> _What to do_: Word for word, copy the line containing "this 2212×1659 image." and each line after it in the records below, ending with the last line.

> _Recorded data_:
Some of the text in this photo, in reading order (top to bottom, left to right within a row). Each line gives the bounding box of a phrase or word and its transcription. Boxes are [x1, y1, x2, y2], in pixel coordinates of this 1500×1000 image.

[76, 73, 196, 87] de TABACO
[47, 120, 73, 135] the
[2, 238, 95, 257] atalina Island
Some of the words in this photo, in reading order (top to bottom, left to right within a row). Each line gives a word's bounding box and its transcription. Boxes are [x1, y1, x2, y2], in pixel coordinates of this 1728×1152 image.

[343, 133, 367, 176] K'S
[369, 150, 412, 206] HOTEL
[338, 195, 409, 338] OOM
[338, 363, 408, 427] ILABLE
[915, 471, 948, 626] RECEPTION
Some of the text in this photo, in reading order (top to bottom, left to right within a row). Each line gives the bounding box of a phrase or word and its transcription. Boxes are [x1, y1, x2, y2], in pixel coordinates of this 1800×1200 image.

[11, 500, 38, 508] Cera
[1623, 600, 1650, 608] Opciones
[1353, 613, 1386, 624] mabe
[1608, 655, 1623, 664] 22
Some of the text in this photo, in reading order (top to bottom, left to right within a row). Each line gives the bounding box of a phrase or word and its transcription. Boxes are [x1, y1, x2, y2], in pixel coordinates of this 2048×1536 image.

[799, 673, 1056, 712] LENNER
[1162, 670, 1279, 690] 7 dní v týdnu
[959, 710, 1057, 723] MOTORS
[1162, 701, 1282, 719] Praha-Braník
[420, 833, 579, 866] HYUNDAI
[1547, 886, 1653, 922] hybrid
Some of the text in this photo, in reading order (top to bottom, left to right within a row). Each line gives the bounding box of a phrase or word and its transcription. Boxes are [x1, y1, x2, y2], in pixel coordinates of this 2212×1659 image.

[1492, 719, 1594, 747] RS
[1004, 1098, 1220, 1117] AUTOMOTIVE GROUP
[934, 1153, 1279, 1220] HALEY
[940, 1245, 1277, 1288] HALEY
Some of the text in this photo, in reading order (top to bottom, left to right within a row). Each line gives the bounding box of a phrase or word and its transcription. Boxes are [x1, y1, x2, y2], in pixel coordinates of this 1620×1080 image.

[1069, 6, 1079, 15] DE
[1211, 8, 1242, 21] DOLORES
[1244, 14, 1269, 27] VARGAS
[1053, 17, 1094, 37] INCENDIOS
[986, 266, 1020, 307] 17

> _Answer to this problem_:
Some of the text in this photo, in reading order (top to bottom, left to right within a row). Each line gives the bounding box of a phrase or word and its transcription. Boxes are [x1, y1, x2, y2], in pixel coordinates of this 2212×1659 image.

[1492, 719, 1594, 747] RS
[1004, 1098, 1220, 1117] AUTOMOTIVE GROUP
[934, 1153, 1279, 1220] HALEY
[940, 1245, 1277, 1288] HALEY
Some of the text in this photo, in reading order (top to bottom, left to right within a row). Each line gives the bounding box of a phrase or word and its transcription. Boxes are [x1, y1, x2, y2], in pixel coordinates of this 1620×1080 image.

[1069, 6, 1079, 15] DE
[1211, 8, 1242, 21] DOLORES
[1244, 14, 1269, 27] VARGAS
[1053, 17, 1094, 37] INCENDIOS
[986, 266, 1020, 307] 17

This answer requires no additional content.